California

Heavy Winter Rain a Bounty for Bay Area's Vernal Pools

The shimmering blue ponds of water laid out between the San Francisco Bay and Fremont’s Auto Mall Parkway looked as if they’d been permanently etched into the landscape.

Geese stepped along the edge of one pond as ducks glided across the tranquil waters of another.

But U.S. Fish and Wildlife Service biologist Aidona Kakouros knew better.

She’d been there plenty of times in the late spring and summer, long after the pools had evaporated, revealing some of these watery fields as cow pastures.

“In fact if you come here in summer,” Kakouros said, “you will not recognize the landscape — it’s so dry.”

After a winter of heavy rains, the Bay Area’s systems of vernal pools are glorious — putting on an impressive display of these seasonal bodies of water that appear temporarily each year, while hosting their own eco-systems.

The Fremont pools are part of the federally protected Don Edwards San Francisco Bay National Wildlife Refuge. Kakouros said these ephemeral pools have returned for thousands of years — minus recent years when California was gripped by a historic drought.

“For one year,” Kakouros said, “there were no pools at all.”

On a recent day, Kakouros lead a team armed with nets to scour the pools for their native wildlife. The pools are home to some of nature’s most tenuous creatures, including endangered Vernal pool tadpole shrimp, threatened fairy shrimp and federally threatened California tiger salamanders.

Kakouros said the continued winter deluges have most likely given a boost to the struggling species after years of choking drought.

“You become nervous because many of these species, they can not breed during these years,” Kakouros said.

Heavy Winter Rain a Bounty for Bay Area's Vernal Pools

Kakouros and her team waded waist-high into the pools, twisting nets into the water as one would churn butter. With each burst of frenetic spinning, they would inspect the nets for any sign of the tiny creatures. A group of nearby cows munched grass and took in the scene.

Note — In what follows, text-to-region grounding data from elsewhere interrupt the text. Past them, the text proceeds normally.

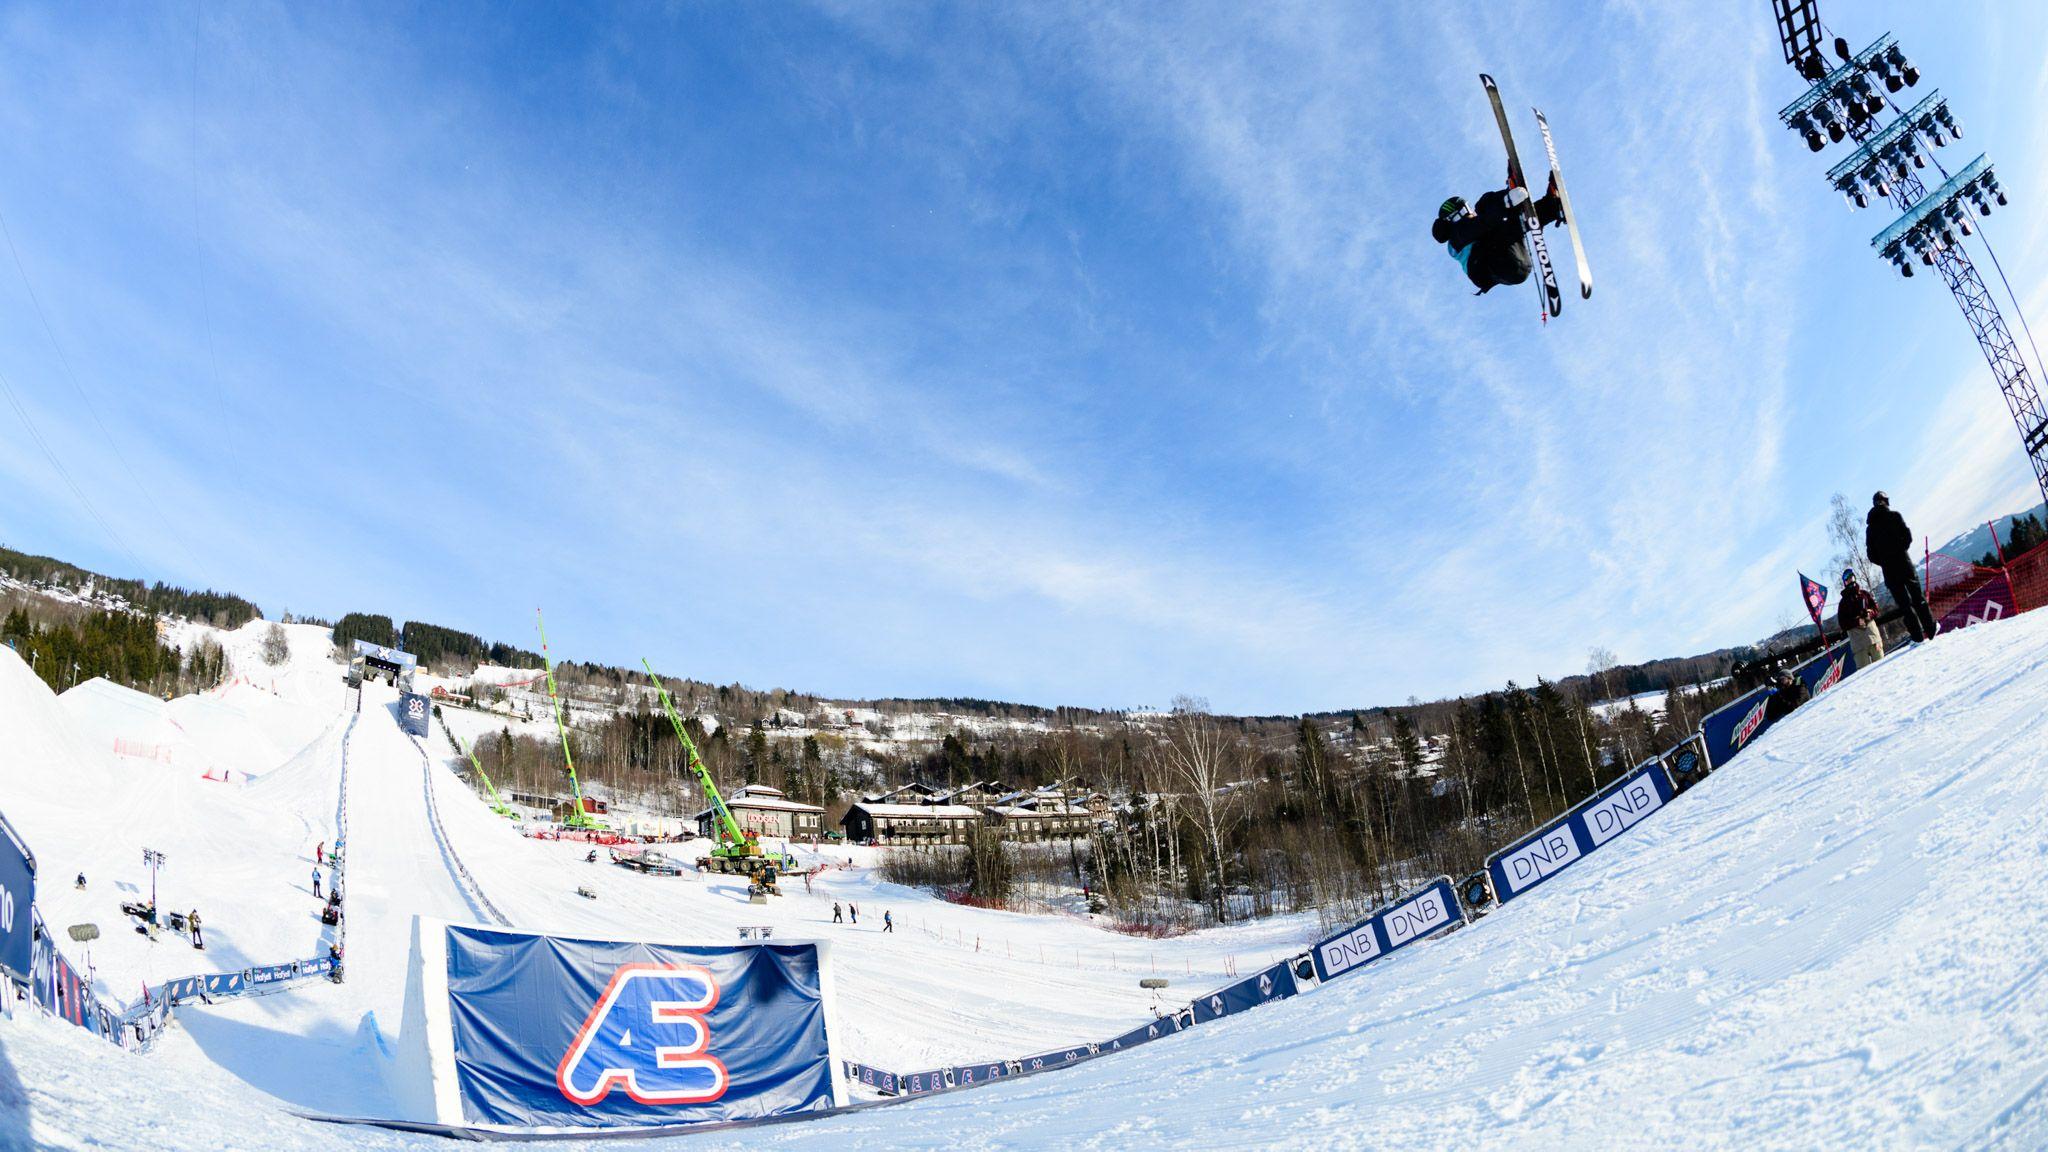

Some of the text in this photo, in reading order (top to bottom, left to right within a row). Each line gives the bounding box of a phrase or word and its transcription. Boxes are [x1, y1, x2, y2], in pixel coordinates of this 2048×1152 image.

[1528, 216, 1557, 288] ATOMIC
[1594, 786, 1650, 834] DNB
[1512, 836, 1569, 880] DNB
[1391, 899, 1439, 936] DNB
[1328, 932, 1372, 968] DNB

The nets emerged with tiny salamanders and tadpoles, which make their homes in the pools during the winter, and lay eggs and retreat into the land when the water dries up. Kakouros said many of the species look exactly as they did during the age of dinosaurs.

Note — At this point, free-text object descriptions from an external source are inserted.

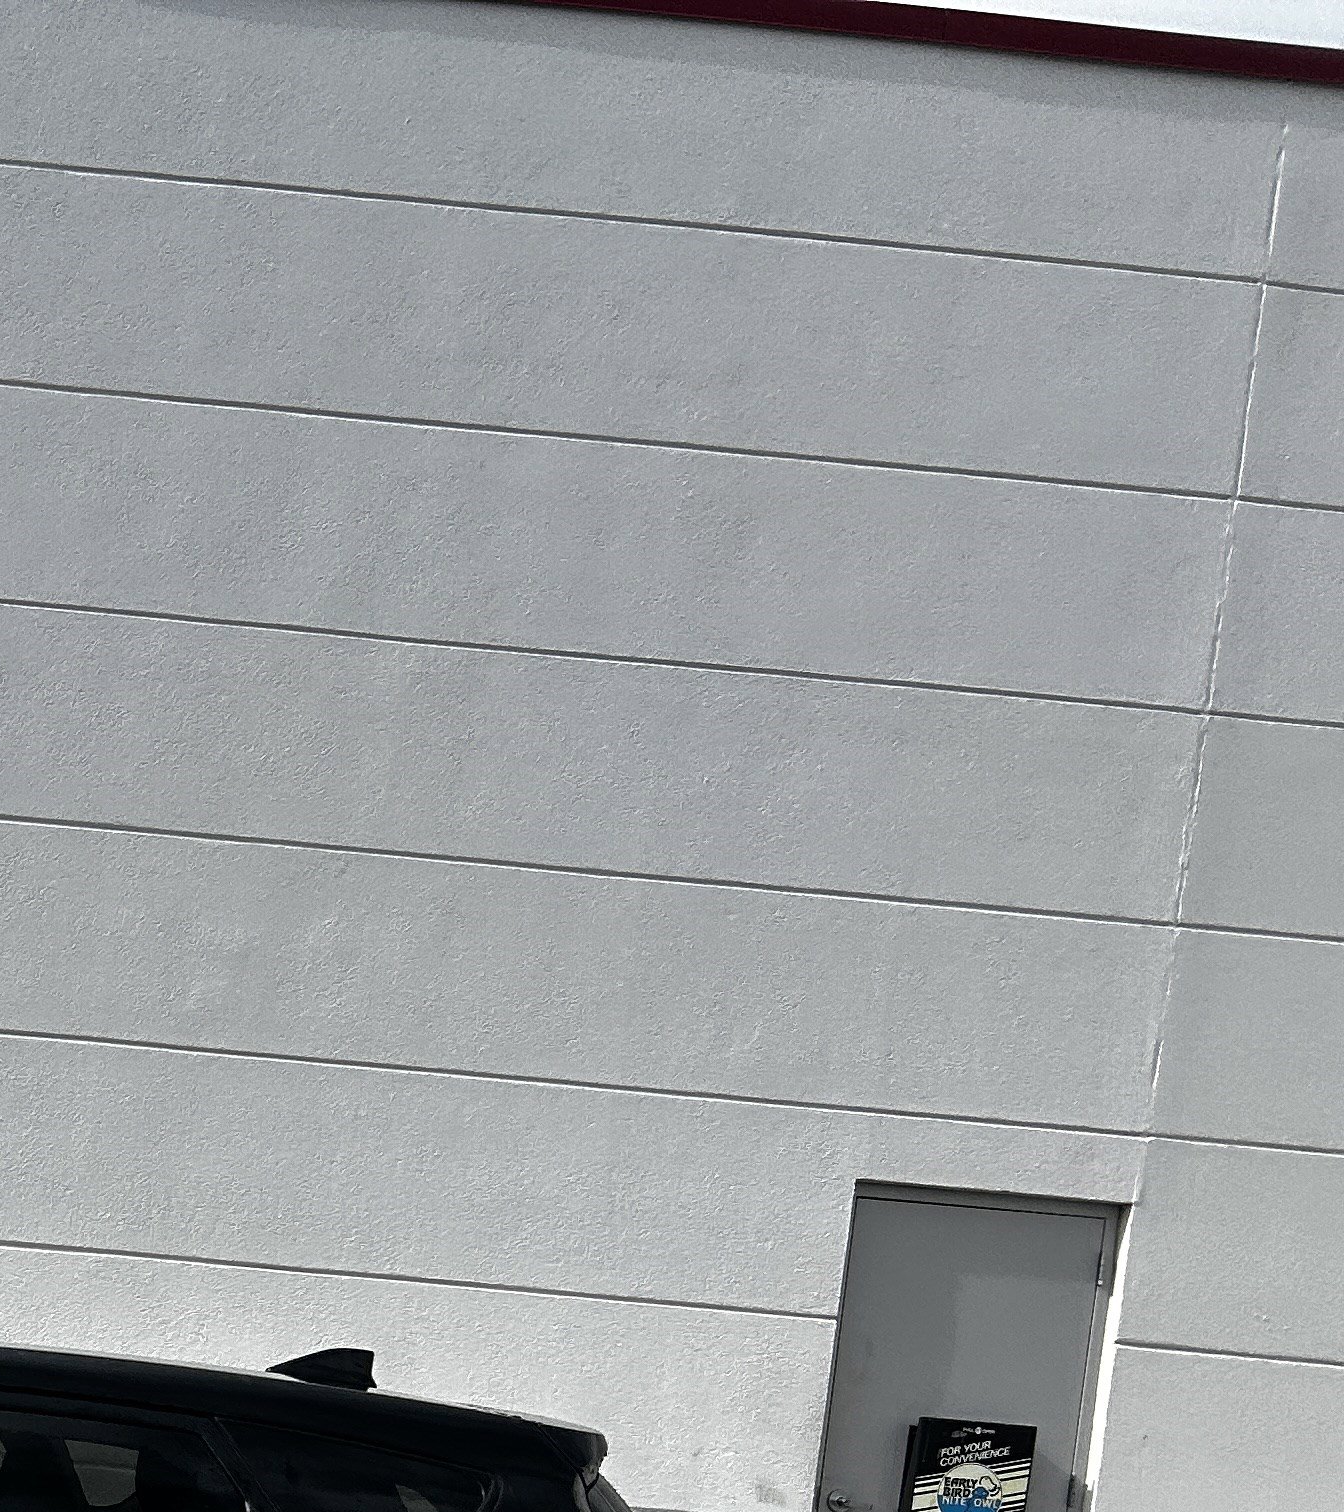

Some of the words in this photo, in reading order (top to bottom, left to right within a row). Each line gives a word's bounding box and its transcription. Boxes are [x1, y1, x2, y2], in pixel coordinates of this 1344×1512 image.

[941, 1446, 961, 1457] FOR
[964, 1441, 991, 1452] YOUR
[940, 1447, 1010, 1466] CONVENIENCE
[944, 1477, 977, 1488] EARLY
[943, 1488, 970, 1497] BIRD
[942, 1497, 967, 1506] NITE
[974, 1499, 998, 1508] OWL

“Every single species living here has adapted to live in this extreme conditions,” Kakouros said, emptying a fairy shrimp into a plastic container where she measured it and then poured it back into the pool.

Kakouros said in normal years the fields are dotted with numerous independent pools. But with this year's heavy rainfall, the pools have merged, forming long strands of rippling water.

“It’s a good year,” Kakouros said. “We like this year.”

Kakouros said later in the spring the spectacular pools will give way to their second act as they dry up and are filled in by wildflowers. She said that although the federal lands are restricted to visitors, the U.S. Fish and Wildlife Service schedules occasional public tours.

Kakouros treaded through the water — her hip-high rubber waders generating a wake as she dipped her net into the water and spun it like a propeller.

“It’s a unique place,” she said. "It’s a place you can discover things every single day.”